Era la culminación perfecta de la amistad, inmaculada, la del Cristo entregado a sus amigos que muere en la cruz por todos, por él. Eramos buenos chicos.
El azar, el destino, o Dios –seguramente Dios-, nos había arrojado en la Colonia Gutiérrez de Marcos Paz. Siete amigos con dos carpas y una historia que había comenzado a mediados de los ochenta en las horas libres del colegio San José.
A las siete de la tarde del sábado estaba todo listo. Habíamos almorzado fideos con estofado los siete juntos por última vez, el agua para el mate estaba a punto y las cartas nos esperaban, indiferentes, sobre una manta que Charly había puesto cerca del fogón.
Era la hora correcta; correcta y triste, porque se acercaba la culminación, la gloria final, el momento que todos habíamos esperado durante tantos años, pero también la despedida.
“No hay despedidas felices”, había dicho El Rino después de los fideos con un tono intrascendente, mirando el fondito de vino en el cacharro de lata.
Nico me vino a buscar a la carpa. Ya casi no había luz y estaba fresco. César caminaba por el bosque mirando el piso, Charly acomodaba un sol de noche cerca de la manta y El Negro Pacu, con gesto preocupado, se limpiaba las uñas con un palito del fuego.
Lentamente, en silencio, nos fuimos acercando al fogón y nos sentamos en círculo. El último en acomodarse fue Pablo Papa, que traía una botella de whisky y se refregaba las manos por el frío.
Estuvimos un rato callados, mirándonos casi a los ojos, furtivamente, con algo de tristeza, hasta que El Rino, que casi siempre tomaba las decisiones más difíciles, preguntó:
“¿Quién mezcla?”
Sin decir nada, sólo por ocupar las manos y la mente, tomé el mazo y comencé a barajarlo. Mientras mezclaba estuve a punto de llorar, de salir corriendo, de tirar las cartas, pero la mirada apacible de Nico me tranquilizó.
Apoyé las cartas sobre la manta y estiré la mano para que César me pasara la botella de whisky.

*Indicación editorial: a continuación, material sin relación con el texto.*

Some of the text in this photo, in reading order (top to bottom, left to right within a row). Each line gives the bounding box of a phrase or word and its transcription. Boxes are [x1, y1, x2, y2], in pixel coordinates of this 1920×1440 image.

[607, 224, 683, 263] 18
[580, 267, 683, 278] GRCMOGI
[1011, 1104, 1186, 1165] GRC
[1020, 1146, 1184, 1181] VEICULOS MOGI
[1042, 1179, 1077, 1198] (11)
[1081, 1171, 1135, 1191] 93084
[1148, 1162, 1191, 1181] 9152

Tomé un trago, largo y caliente, y dije:
“Buenos muchachos, tiremos reyes”.
La selección de tríos marcaba el inicio del fin: éramos siete y uno quedaría fuera del campeonato. Sólo uno de nosotros, que señalaría el camino se anticiparía, profético, al adiós, a la despedida.
Tomé el mazo y empecé a repartir las cartas boca arriba, echando suertes y destinos. Nico sacó el primer rey y vi o intuí el alivio en sus ojos. El segundo fue para El Rino, el tercero para mí. Volví a mezclar rápidamente, aliviado, y rapartí entre los cuatro que quedaban. Primero salió Pablo Papa y después César.

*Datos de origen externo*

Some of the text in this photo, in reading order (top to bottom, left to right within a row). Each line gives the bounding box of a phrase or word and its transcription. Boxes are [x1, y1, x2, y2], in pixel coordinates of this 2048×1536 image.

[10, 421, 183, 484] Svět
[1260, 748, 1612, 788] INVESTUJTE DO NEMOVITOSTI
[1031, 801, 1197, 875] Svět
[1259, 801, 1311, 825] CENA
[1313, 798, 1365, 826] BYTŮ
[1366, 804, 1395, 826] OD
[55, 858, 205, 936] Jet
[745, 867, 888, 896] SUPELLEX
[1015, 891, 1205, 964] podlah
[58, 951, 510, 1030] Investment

El Negro Pacu se apoyó contre El Rino y ya no quiso mirar las cartas. Charly tenía los ojos perdidos en la manta.
Salió el sexto: cayó delante del Negro Pacu, graciosamente vestido con sus ropas coloridas y andróginas. Charly se desmoronó, se dejó caer hacia atrás y quedó tendido en el pasto, la vista flotando en el cielo ennegrecido por el otoño, por el destino. Después se levantó como en un sueño, en cámara lenta, y se fue hacia el bosque, la espalda doblada, rompiendo el silencio a pisotones de hojas secas.
Uno de nosotros, de los seis que quedábamos, debía cumplir la misión, nuestra misión.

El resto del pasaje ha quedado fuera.